Now that I have my inverter sort of set up the way I want (just not powering everything I want it to yet) I embarked upon some battery maintenance. The consensus is that the voltage of each battery should be with in tenths of a volt between each cell in the string. I have 4 in my string. With the old batteries I got when I purchased the inverter I don't know how old they are or how much they've been abused. I topped up to the recommended level with distilled water and measured. I wasn't with in a few tenths of a volt I was almost a volt off on some of them
Ok, time for an equalization charge. Look at the instructions.. looks simple enough, turn the little knob to equalize and away we go right? wrong. the voltage didn't change at all! argh I have a defective inverter.
I chopped the incoming A/C to the inverter and forced it to run off the batteries.
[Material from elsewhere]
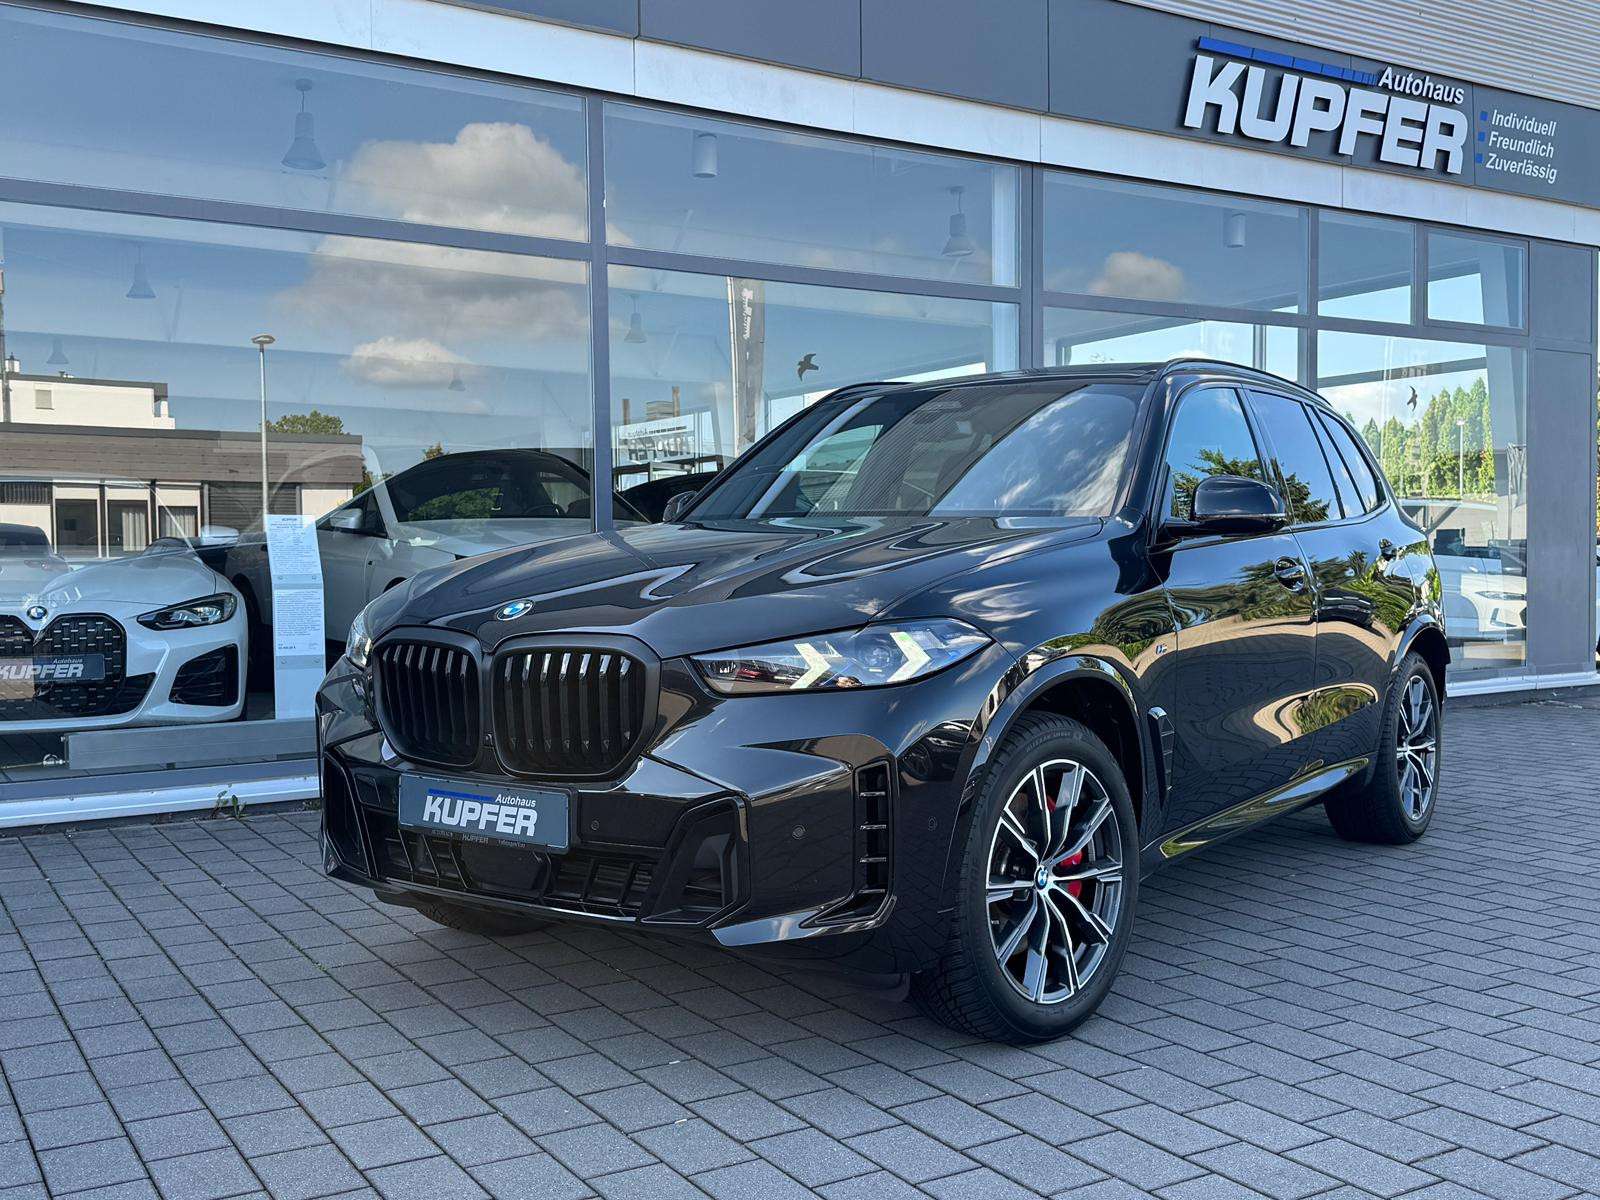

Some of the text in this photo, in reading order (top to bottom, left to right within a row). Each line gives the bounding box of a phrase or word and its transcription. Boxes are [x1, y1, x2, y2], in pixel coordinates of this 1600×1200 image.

Turn the power back on and now I hear a heavy duty hum coming from the inverter and the 26-something volt float voltage is now 33volts! yahoo.. the batteries start bubbling and I let it run (had the window open) when I came back down the next day the inverter was back to normal voltage so I turned it back to normal.
Measured the voltage between the batteries and they were all within 1/10 of a volt of each other. Good news...
So I'm guessing if you have a decent inverter that has that option it may not be necessary to run a pulsing desuplhator. But if you have a lame battery it might be the only thing that can bring it back to life.